Analyzing your internet application's log files II - configuring your reports

ArticleCategory:

Applications

AuthorImage:

[Foto of Egon]

TranslationInfo:

original in en Egon Willighagen

AboutTheAuthor:

Besides working for the LinuxFocus project, Egon was working for the Stichting Logreport Foundation until November 1st of this year. Part of the foundation's goal is to write software for log analysis with a GPL license.

Abstract:

This article is the second in a series about using Lire to analyze log files of internet server applications. This article shows you how you can customize the generated reports. The first article in this series explained how Lire is installed.

ArticleIllustration:

[illustration]

ArticleBody:

Introduction

This article is based on the latest release of Lire, being lire-20011017. Note that configuration has changed a lot since the previous release, and that, basically, the first article in this series is already outdated. The general idea of lr_config, however, has not changed.

New features in this release are, among others: two new super services (FTP and firewall), a lot of new reports (total > 68), new output formats (XHTML and RTF) and lots of bug fixes. But, the most important change in this release is in the engine. The report generation process has completely been rewritten to make use of XML technology.

This article will introduce one of the XML formats that are now used in Lire, and how this is used to specify reports. It will not be a tutorial on how to make new reports, but it will show you how you can change the predefined reports at a low level. But first, this article will explain how you can tell Lire which reports it should generate and how parameters for these reports can be set.

Selecting Reports

Each super service (e.g. `email' is a super service, the `postfix' and `sendmail' service's belong to this super service) has a number of reports available, which extract information from the log for you. The WWW super service has, for example, 31 reports. Not all reports are interesting for everyone. Some are very specific. By default, most of those reports are selected, but it is useful to customize this.

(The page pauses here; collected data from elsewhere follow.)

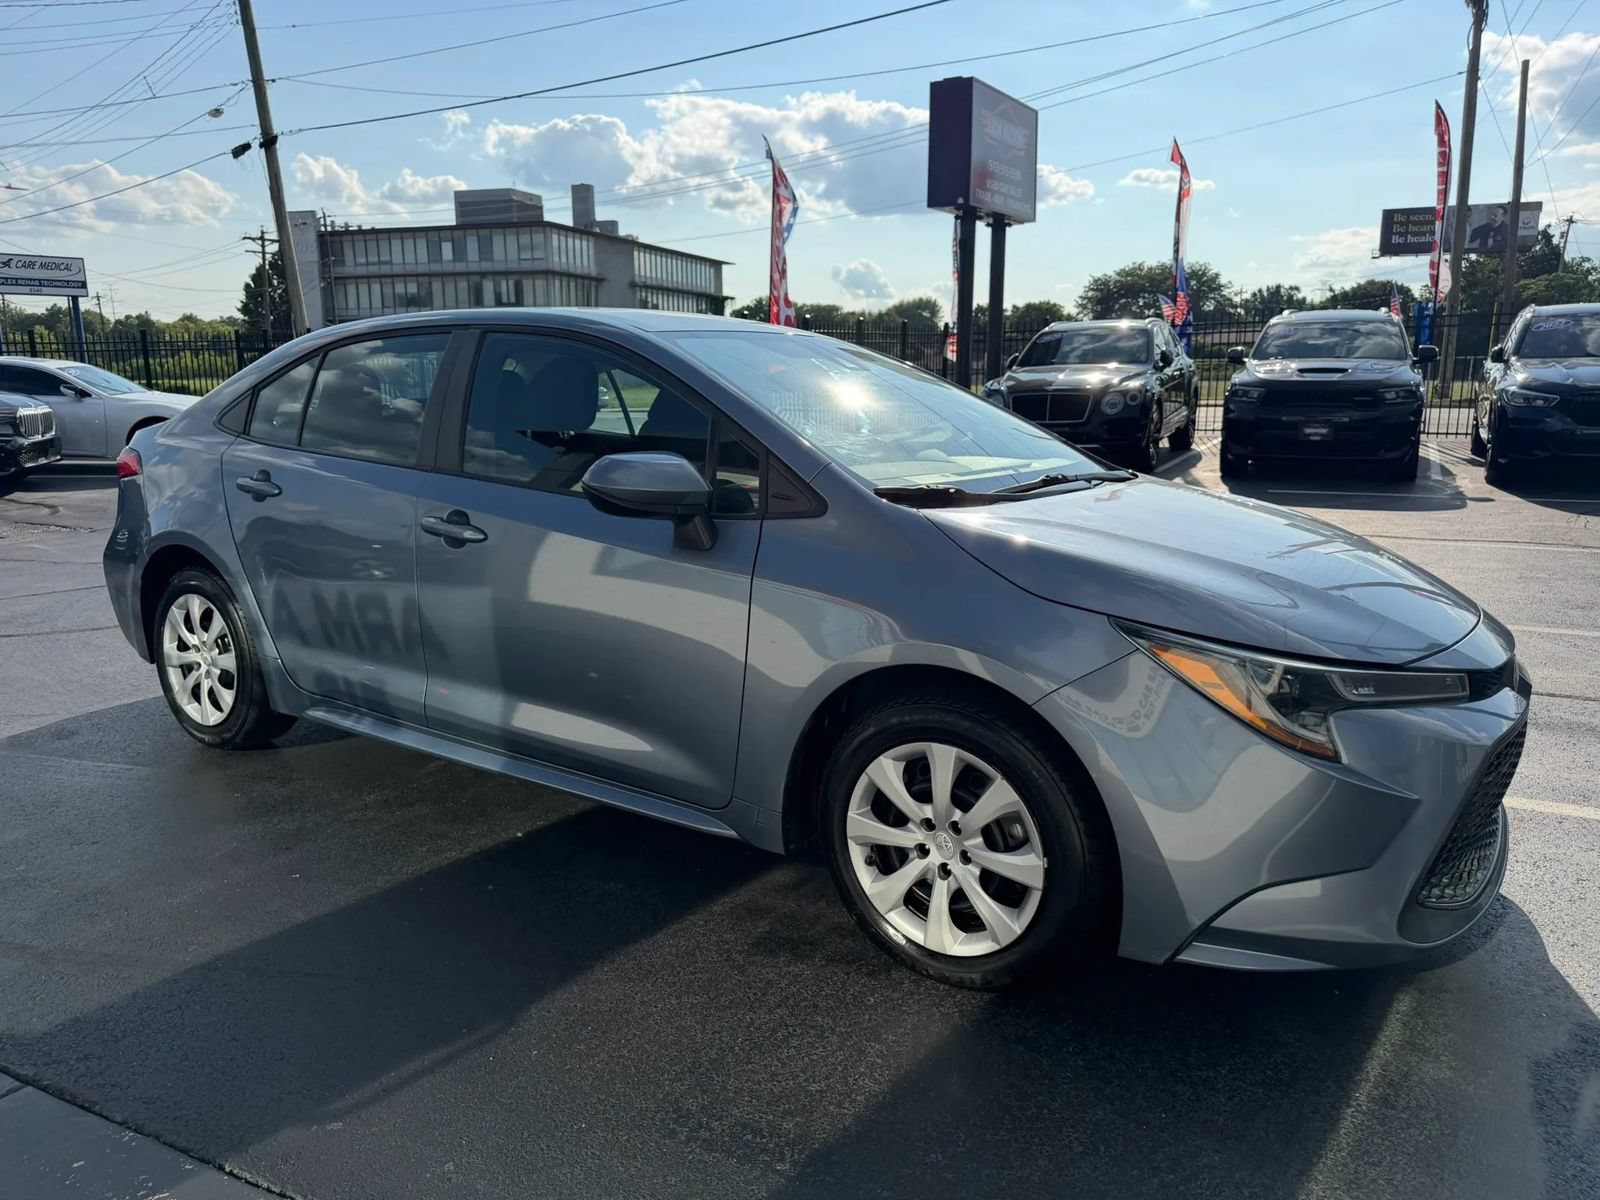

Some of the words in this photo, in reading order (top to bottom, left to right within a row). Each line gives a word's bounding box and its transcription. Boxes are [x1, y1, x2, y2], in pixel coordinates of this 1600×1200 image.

[1393, 213, 1407, 221] Be
[1392, 223, 1406, 232] Be
[1391, 234, 1405, 243] Be
[1407, 233, 1436, 243] heale
[15, 259, 38, 270] CARE
[38, 261, 73, 272] MEDICAL
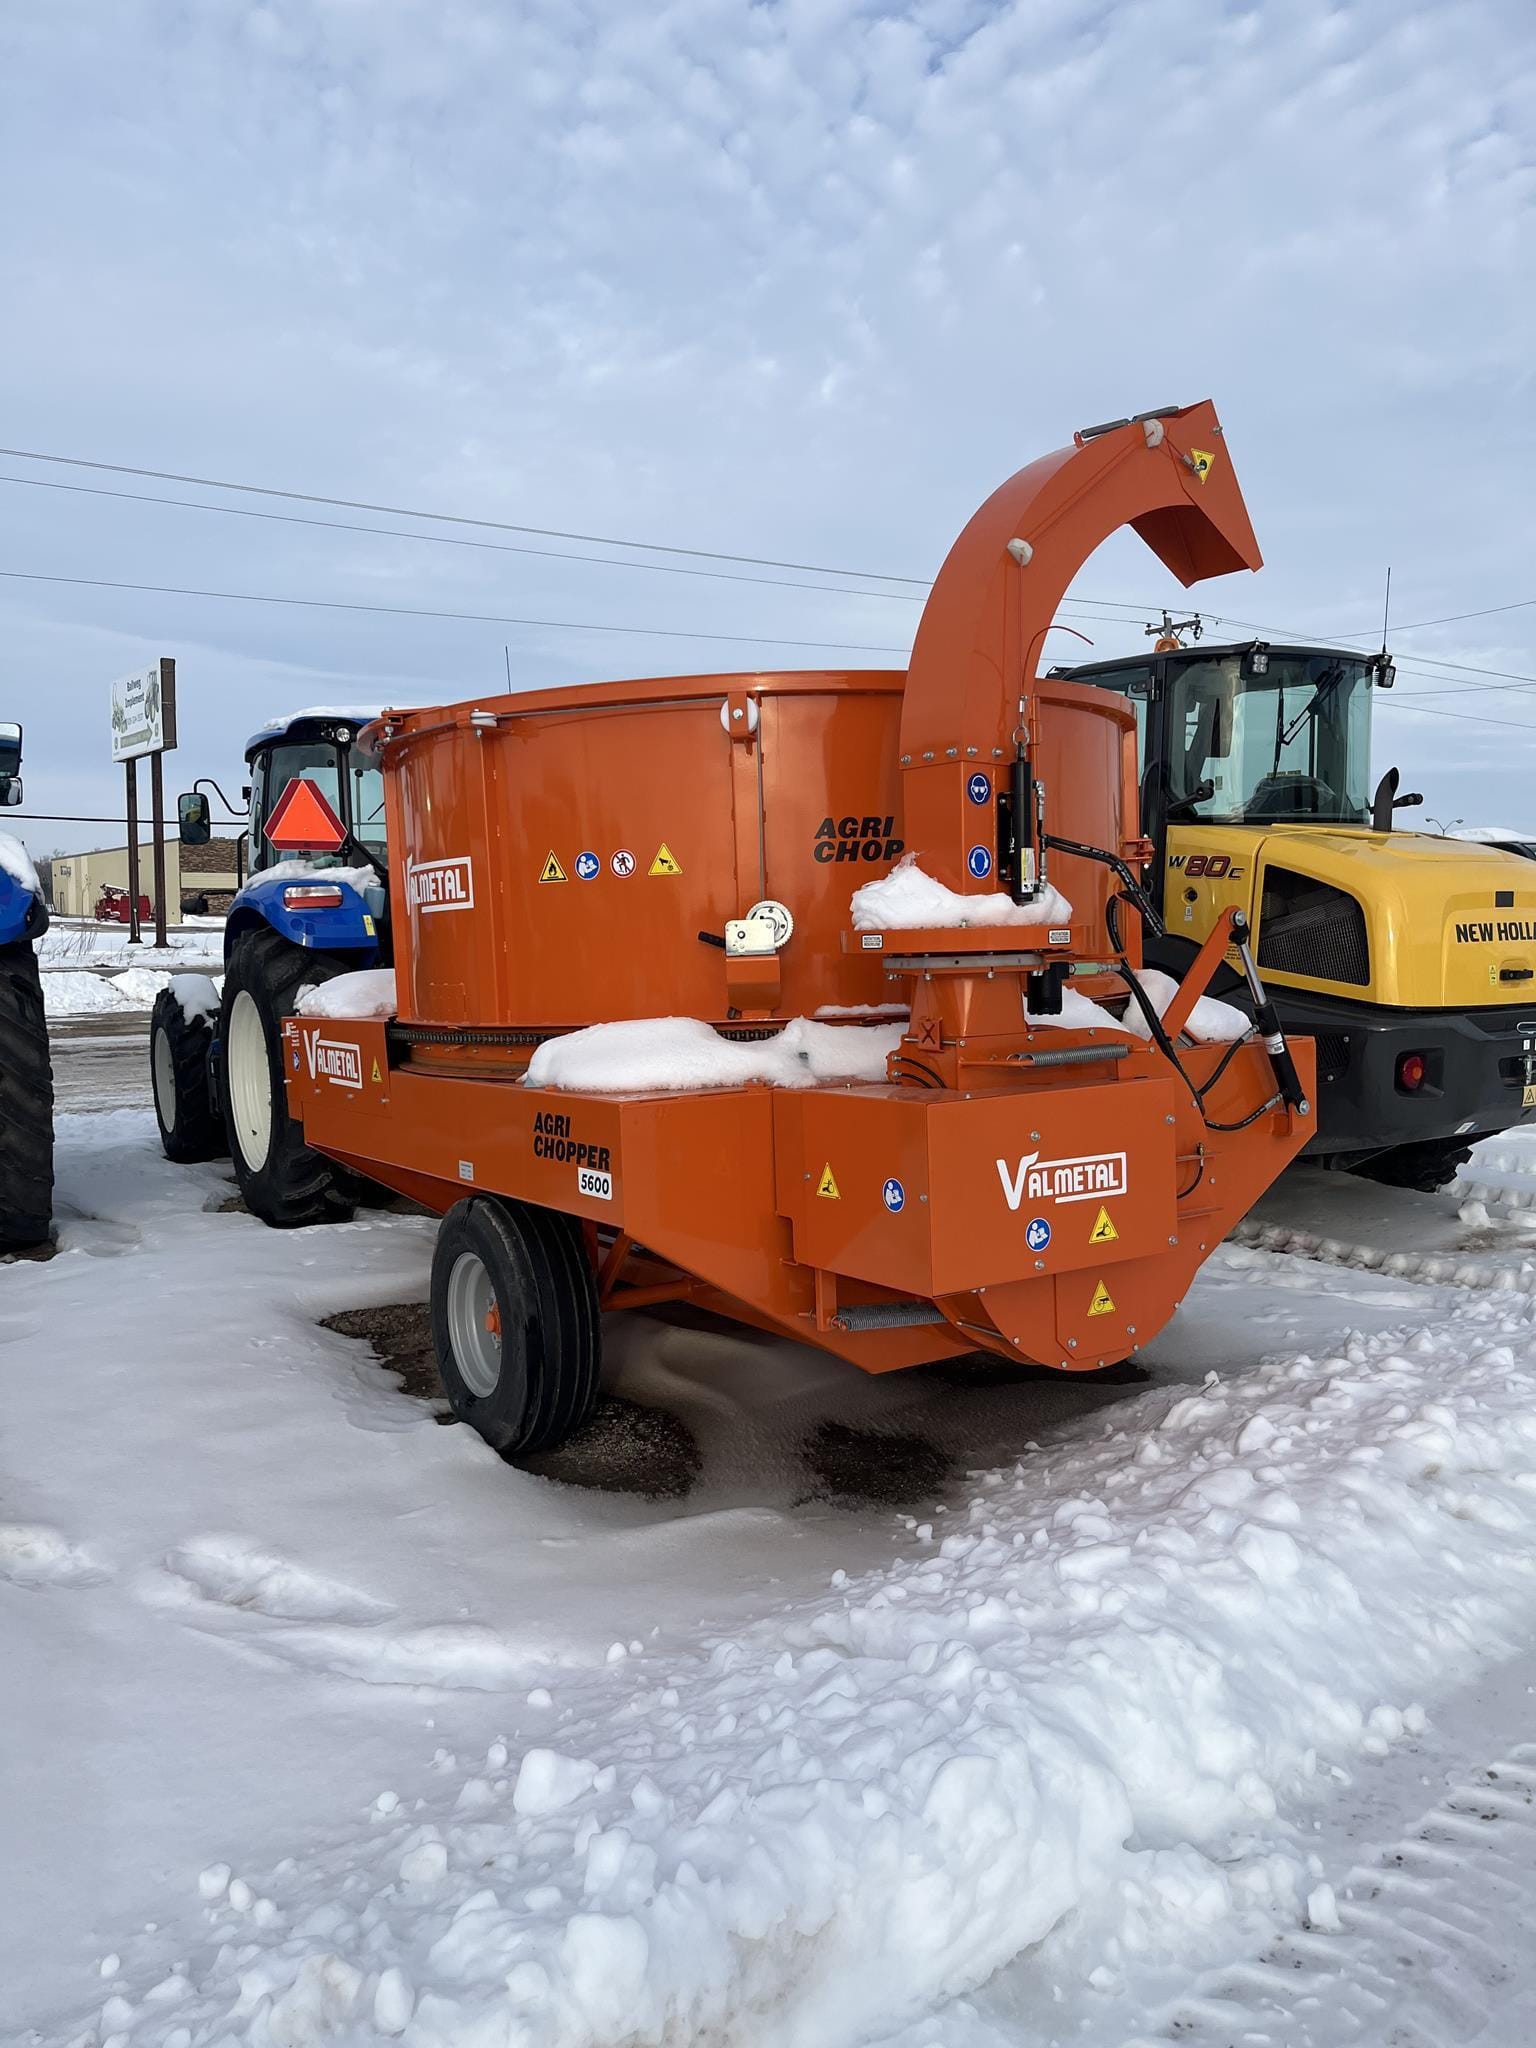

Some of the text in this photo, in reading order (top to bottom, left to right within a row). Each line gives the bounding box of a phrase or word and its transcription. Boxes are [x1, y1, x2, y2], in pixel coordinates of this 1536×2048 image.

The reports that will be used in the generation of the report are given in the file <prefix>/etc/lire/<superservice>.cfg (assuming Lire is installed in the directory <prefix>). For example, the configuration file for the FTP super service looks like:

# Report configuration for the FTP super service

# Top X reports
top-remote-host hosts_to_show=10
#top-files files_to_show=10
top-files-in files_to_show=10
top-files-out files_to_show=10
top-users users_to_show=10

# By day reports
bytes-by-day

# Transfers by X reports
transfers-by-direction
transfers-by-type

The FTP super service thus has eight reports defined and all but one are selected. The "top-files" is deselected by means of the "#" character. Removal of the "#" char will select the report again.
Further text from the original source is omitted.